States that seek to start an ICD-10 collaborative will need to leverage an iterative start-up approach to gain benefits sooner than would occur if following a more traditional sequential start-up path, which typically requires four to six months. Delaying the timeframe for ICD-10 collaboration will likely only increase the overall costs and risks of ICD-10 implementation.

Some of the barriers that collaboratives often face during start-up include lack of funding; difficulty in getting organizations that have competed with each other to work together; and getting vendors to participate in the process. Additionally, in a few states, some potential participants have initially demanded to have an upfront understanding of the return on investment of their participation, delaying their involvement.

Such thinking may prove short-sighted.
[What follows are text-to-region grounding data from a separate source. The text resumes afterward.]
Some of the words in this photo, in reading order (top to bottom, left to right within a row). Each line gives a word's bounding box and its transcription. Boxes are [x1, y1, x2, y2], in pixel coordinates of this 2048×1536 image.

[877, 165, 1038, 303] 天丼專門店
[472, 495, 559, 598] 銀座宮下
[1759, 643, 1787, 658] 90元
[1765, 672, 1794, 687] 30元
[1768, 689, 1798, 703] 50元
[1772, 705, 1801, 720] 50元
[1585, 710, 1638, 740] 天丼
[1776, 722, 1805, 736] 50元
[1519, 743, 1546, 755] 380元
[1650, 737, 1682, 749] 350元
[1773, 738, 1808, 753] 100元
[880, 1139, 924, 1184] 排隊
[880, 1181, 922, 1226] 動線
Instead, potential participants would be better served taking an open-minded, forward-thinking approach toward realizing the value of participating.

Collaboratives Offer Help on ICD-10

Organizations have two options when it comes to working on ICD-10. They can continue to work individually, and possibly struggle through one of the largest health enterprise-wide initiatives to occur in more than 30 years-since the last major ICD implementation.

Or they can form or participate in a collaborative and gain the potential rewards and benefits that come from working together toward a common goal.

Mark Jahn (mjahn@atrilogy.com) is the vice president of healthcare practice at Atrilogy Solutions Group, based in Irvine, CA. Jahn helped form and manage the Minnesota ICD-10 Collaborative and advised in the creation of the California ICD-10 Collaborative. He is also a work group co-leader of the HIMSS/WEDI National Pilot Program.


Article citation:
Jahn, Mark. "Joining Forces on ICD-10-CM/PCS: Collaboratives Form to Help Handle Coding Transition" Journal of AHIMA 84, no.6 (June 2013): 42-44.